# Soap Supplier Google Map



## Paintguru (Mar 1, 2013)

Mods, please move this where you feel it is appropriate, but as I've been exploring the multitude of suppliers out there, I've thought it may be useful for people to have a Google Map of all their locations so they know who is close to them, especially for shipping purposes.  As a result, I started a Google Map that I would like to populate with the addresses of all the suppliers that we use.  I have no idea if I'm just being nerdy by making this or if it will be a useful tool.  Here is the link:

http://maps.google.com/maps/ms?ie=UTF&msa=0&msid=214796202349472631375.0004d6df87c049c24b4e7


In order to add to it, I think I may need to add people as collaborators (can someone see if they can edit it without being added?)  If it doesn't work and you'd like to be added, PM me your email addy and I can add you.  To add a new location you just put in the address/location and use the blue pin near the top to mark it.


----------



## ruby61 (Mar 1, 2013)

Chris this is an awesome ideal!  My area in pa I really don't think there is anyone locally that sells supplies but would be awesome to know where I could go if say I go visit someone in a different area.
Now after looking at your map found wsp in just 90 min away.  Now who do i know in ohio???


----------



## houseofwool (Mar 1, 2013)

This is genius!


----------



## Paintguru (Mar 1, 2013)

houseofwool said:


> This is genius!



I'll be sure to forward this comment to my wife .


----------



## AngelMomma (Mar 1, 2013)

Thats NOT nerdy!!! Well, anyway, if it is then I guess I am nerdy! Hahaha! I will find this useful. So thank you. I have been wishing there were something like this. You can go look up each website but that is really time consuming. 

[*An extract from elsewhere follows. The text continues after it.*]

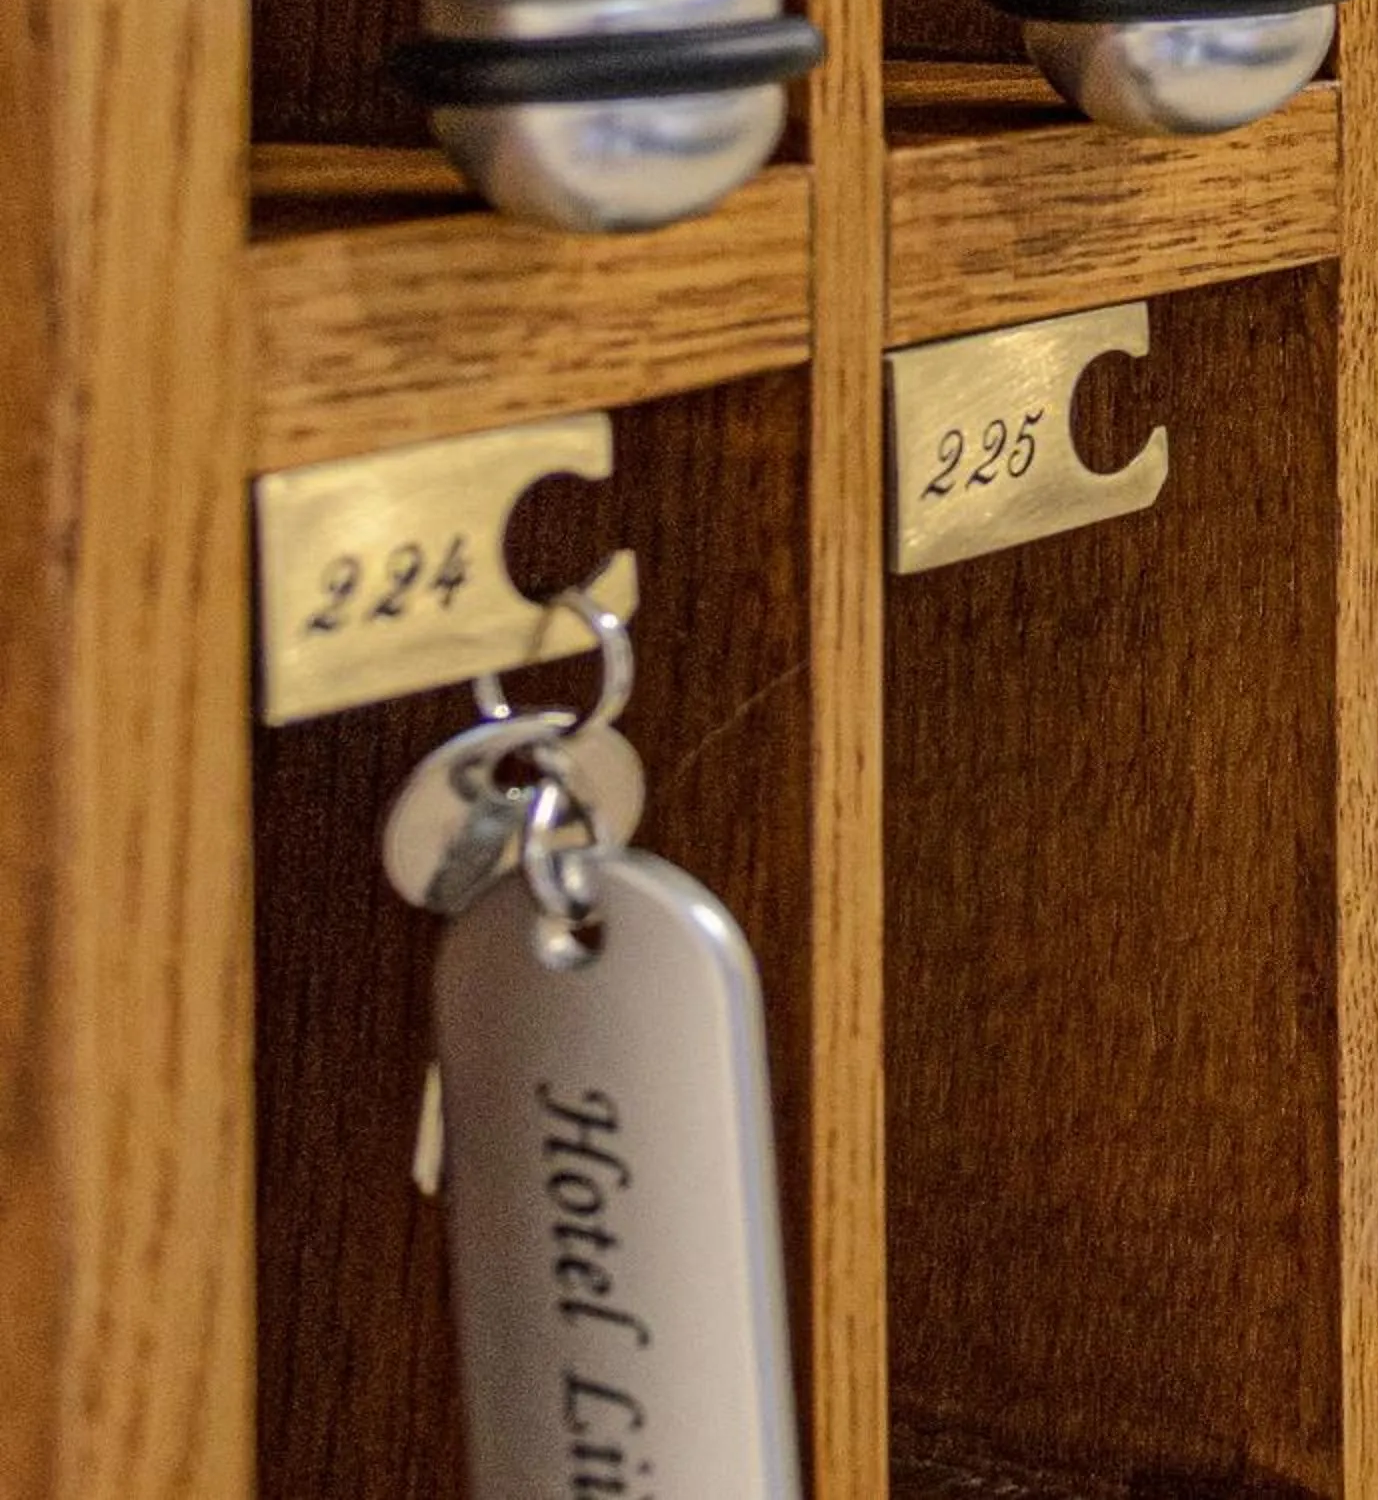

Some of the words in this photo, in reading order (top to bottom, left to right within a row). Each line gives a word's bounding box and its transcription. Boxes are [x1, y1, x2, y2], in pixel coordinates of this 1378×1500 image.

[920, 408, 1045, 499] 225
[303, 533, 469, 635] 224
[534, 1080, 653, 1350] Hotel

See, I had no idea.  Bitter Creek is in the state next door.


----------



## houseofwool (Mar 1, 2013)

Essential Depot is in Sebring FL, I tried to add it, but for now it looks like only you can.


----------



## Paintguru (Mar 1, 2013)

houseofwool said:


> Essential Depot is in Sebring FL, I tried to add it, but for now it looks like only you can.



Shoot, that sounds like a lot of work for me.


----------



## houseofwool (Mar 1, 2013)

Paintguru said:


> Shoot, that sounds like a lot of work for me.

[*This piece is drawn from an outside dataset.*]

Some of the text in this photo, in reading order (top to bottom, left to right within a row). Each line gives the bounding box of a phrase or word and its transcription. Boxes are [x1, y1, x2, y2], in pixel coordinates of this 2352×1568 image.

Try fiddling with settings, there should be a way to make it so that anyone can modify.


----------



## nebetmiw (Mar 1, 2013)

This should be a sticky up top.  Once you have it all done it will be a great resource.


----------



## Paintguru (Mar 1, 2013)

houseofwool said:


> Try fiddling with settings, there should be a way to make it so that anyone can modify.

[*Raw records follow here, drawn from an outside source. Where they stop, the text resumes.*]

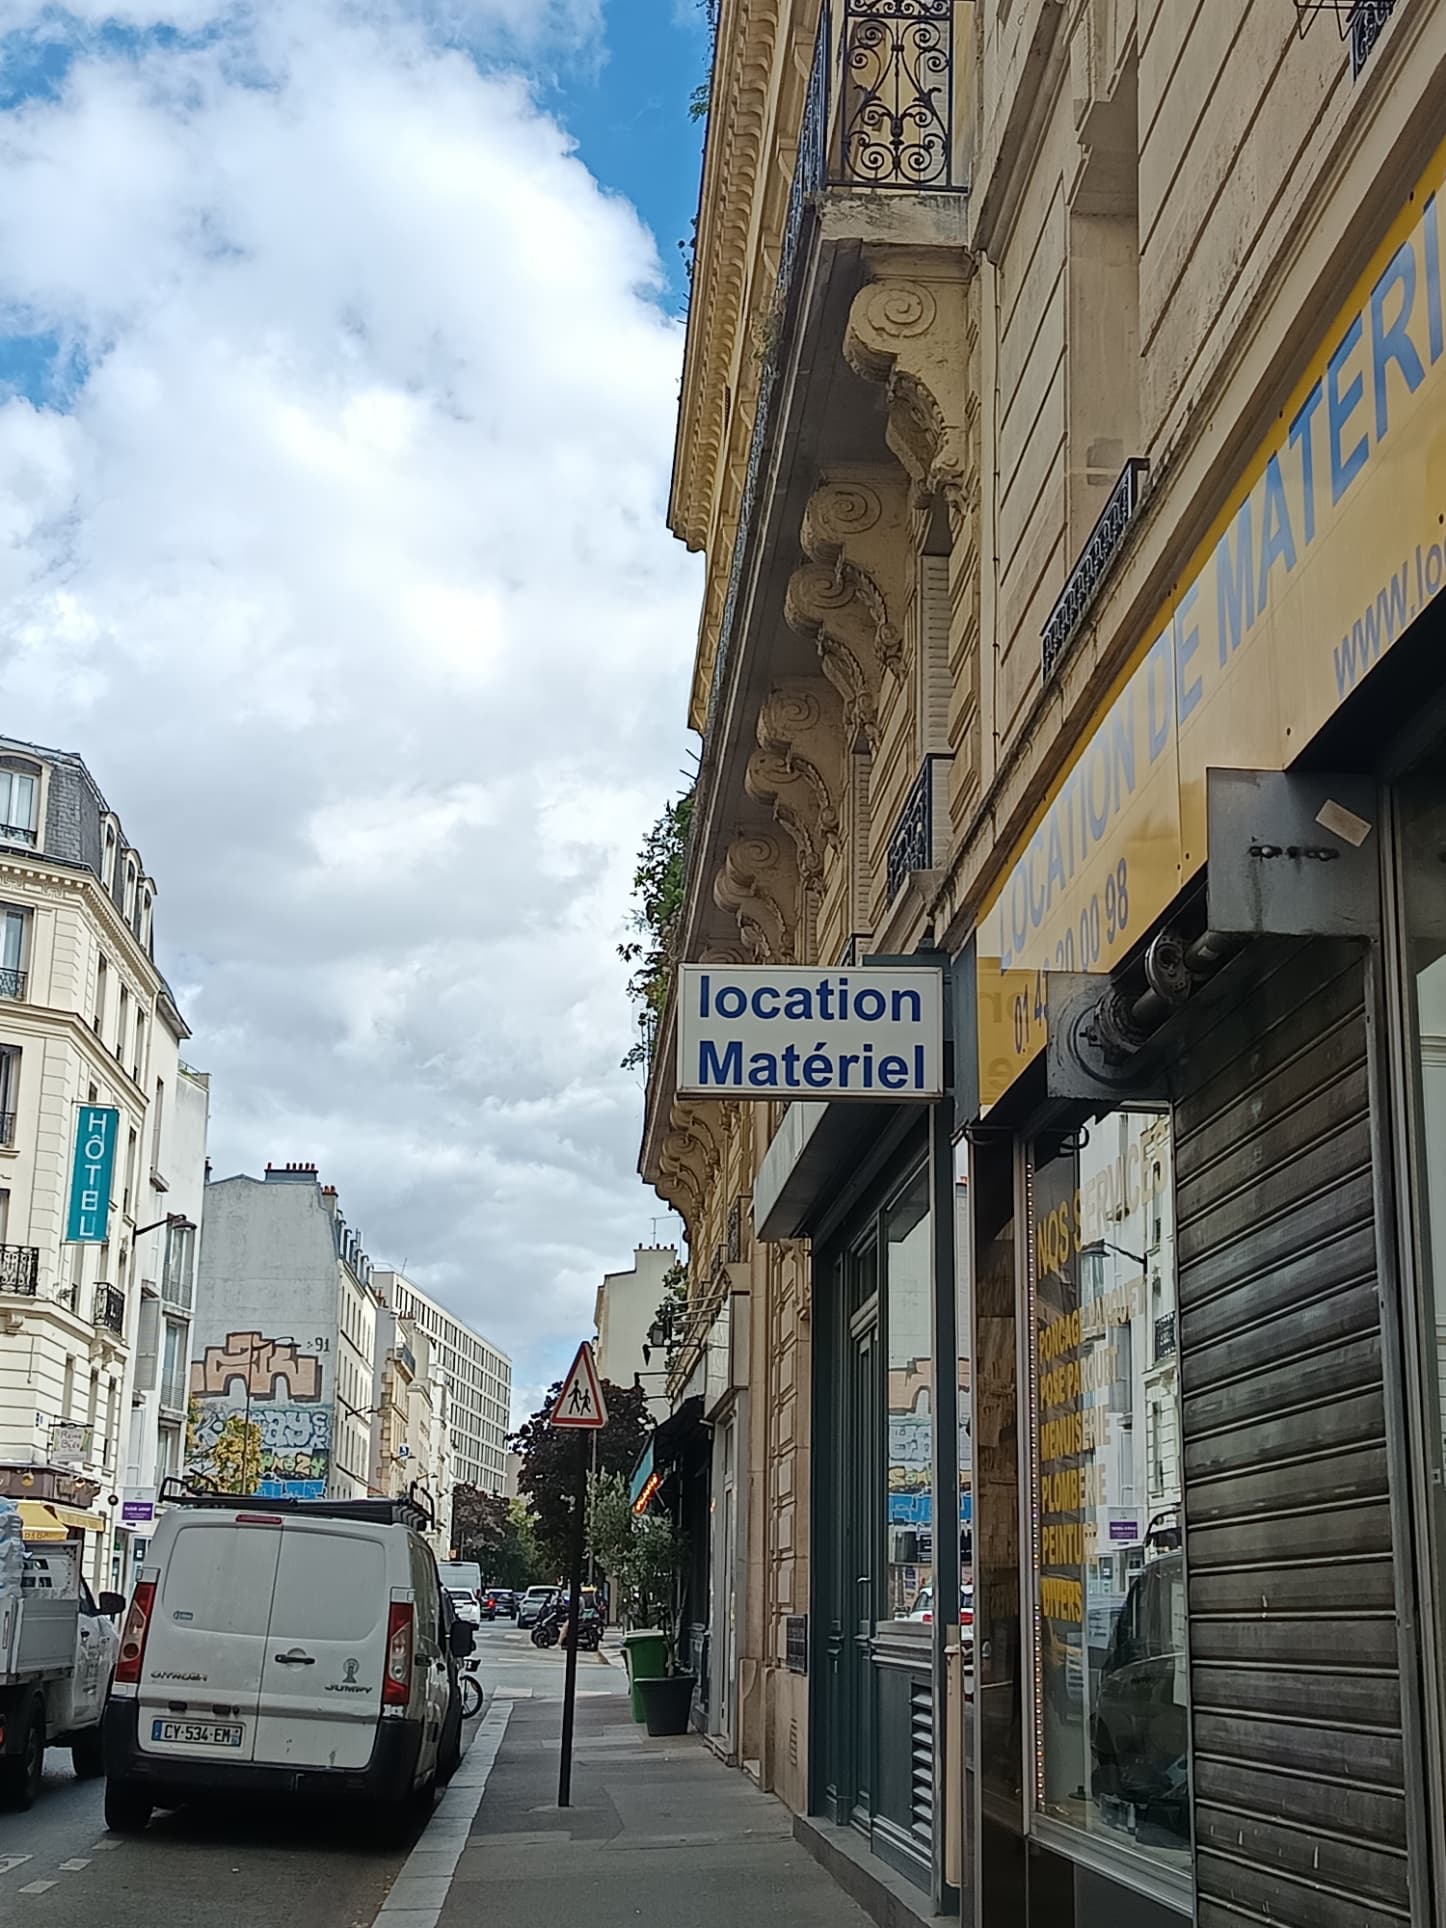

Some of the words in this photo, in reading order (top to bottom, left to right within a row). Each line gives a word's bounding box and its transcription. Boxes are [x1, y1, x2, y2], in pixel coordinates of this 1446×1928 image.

[1333, 536, 1446, 702] www.lo
[1000, 688, 1136, 975] LOCATION
[1147, 578, 1203, 766] DE
[1105, 857, 1129, 944] 98
[699, 975, 921, 1022] location
[699, 1040, 924, 1089] Matériel
[79, 1111, 107, 1237] HÔTEL
[1037, 1200, 1069, 1280] NOS
[1073, 1119, 1168, 1253] SERVICES
[1040, 1364, 1066, 1411] POSE
[1067, 1346, 1120, 1399] PARQUET
[1040, 1404, 1112, 1462] MENUISERIE
[1041, 1464, 1107, 1513] PLOMBERIE
[1041, 1577, 1083, 1622] DIVERS

I believe it is set to any Google Maps user now, but please verify.


----------



## lizflowers42 (Mar 1, 2013)

ruby61 said:


> Now who do i know in ohio???


Whole Sale Supplies Plus is OH based

Lebermuth is in Mishawaka, IN. I haven't purchased from them even though they are in a neighboring city because they sell large bulk items...larger than my needs require.


----------



## Moonshea Botanicals (Mar 1, 2013)

Awesome! There is a supplier not too far away from me! YAY!


----------



## melstan775 (Mar 1, 2013)

Wow great idea! Cant wait to lok at it!


----------



## nebetmiw (Mar 2, 2013)

I do not think this was moved to the right place at all.  Since it is just a list of supplies and their locations.  Not a recomendation or rating.  Not many will find it here for most do not get past soap making thread area.


----------



## Moonshea Botanicals (Mar 2, 2013)

I was looking at Soaper's Choice price list and my jaw dropped. The prices for their base oils seem too good to be true. How are they customer service wise? I'd love to get an opinion before even talking to my mother/financier. lol


----------



## Koshka (Apr 15, 2013)

Candlesandsupplies.net in PA, somewhere....


----------



## melstan775 (Apr 15, 2013)

ruby61 said:


> Chris this is an awesome ideal!  My area in pa I really don't think there is anyone locally that sells supplies but would be awesome to know where I could go if say I go visit someone in a different area.
> Now after looking at your map found wsp in just 90 min away.  Now who do i know in ohio???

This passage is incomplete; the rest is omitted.